The Ups and Downs of Working Remotely
While Slice and many other companies adapted to doing business remotely, it hasn’t been without its problems, Attia pointed out.
“There’s definitely a level of communication and collaboration and building relationships that are more difficult to do, especially when you’re doing something new, so I find that we find out things later, like we were about to go live and something is missed,” Attia said, stating that remote business has led to miscommunications or misunderstandings.
“There are limits…to Zoom meetings,” he said. He observed that forming partnerships and scaling up a book of business or revving up a technology installation can be difficult without at least some in-person interaction.
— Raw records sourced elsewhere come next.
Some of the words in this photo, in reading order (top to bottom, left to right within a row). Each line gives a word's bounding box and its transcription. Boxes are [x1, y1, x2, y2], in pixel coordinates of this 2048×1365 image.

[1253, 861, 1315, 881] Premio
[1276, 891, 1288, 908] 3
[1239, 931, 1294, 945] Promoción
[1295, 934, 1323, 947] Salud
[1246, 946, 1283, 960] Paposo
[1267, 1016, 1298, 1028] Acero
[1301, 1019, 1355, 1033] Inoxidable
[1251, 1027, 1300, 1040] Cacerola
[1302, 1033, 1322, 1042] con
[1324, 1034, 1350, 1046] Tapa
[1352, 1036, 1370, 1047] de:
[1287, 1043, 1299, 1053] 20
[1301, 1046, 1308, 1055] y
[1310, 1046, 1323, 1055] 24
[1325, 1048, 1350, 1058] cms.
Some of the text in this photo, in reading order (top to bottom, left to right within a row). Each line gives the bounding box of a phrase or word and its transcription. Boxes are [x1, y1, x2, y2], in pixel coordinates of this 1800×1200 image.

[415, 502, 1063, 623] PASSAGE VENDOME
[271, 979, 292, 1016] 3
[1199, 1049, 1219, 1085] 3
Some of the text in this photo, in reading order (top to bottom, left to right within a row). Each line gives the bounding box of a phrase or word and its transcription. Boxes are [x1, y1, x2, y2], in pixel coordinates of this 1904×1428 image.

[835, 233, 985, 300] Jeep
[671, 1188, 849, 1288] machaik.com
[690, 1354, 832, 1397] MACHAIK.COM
On the other hand, Attia said that Slice, for the first time, is focused more on executing business rather than just developing new things – thanks to a narrower pandemic-related focus. Still, he said his developers struggle without being in the same space while most Slice employees continue to work from home due to pandemic restrictions.
“Teams go in for shorter periods of time, and it’s just difficult and not everybody [is together]…Some people work well remotely, and some people are freaked out,” Attia said. “Some people are very social and they need to be in social [settings] and [environments]…It may be actually difficult to innovate when something can’t just happen organically” and in person.
While Slice is hiring again, and stronger than it was at the start of the pandemic, Attia acknowledged the company lost some employees because of the pandemic-driven working conditions.
“We have lost some people because of this environment and primarily because, I think, we lose touch with them,” Attia explained.
And yet, Slice was able to negotiate for a new development office in Ottawa at a better rate than the company would have gotten before the downturn, he said.
“We’re in a new office now, which I think we wouldn’t have gotten before because [the market] was so hot,” Attia explained. “We couldn’t find space and now, fortunately with the downturn, we’re able to get some space.”
Next Steps
Having gotten through a year of COVID-19, Attia said the company is moving out of startup mode and focusing on scaling up. Options on the table include raising money or looking at something such as M&A.
“Raising money is important for the growth of the company,” Attia said, explaining that M&A can help accomplish similar goals.
Exploring which path to take will play out through 2021, Attia added.
“This will be the year that we decide…which way we’re going to go,” he said. “It’s very much our [scale-up] year. You’ve already jumped out of a plane, and so you have to execute. It’s really about the partnerships that we have right now.”
Slice employs about 60 people now, Attia said. It has raised more than $30 million in venture capital to date, from investors including XL Innovate, Horizons, Munich Re/HSB Ventures, SOMPO and others.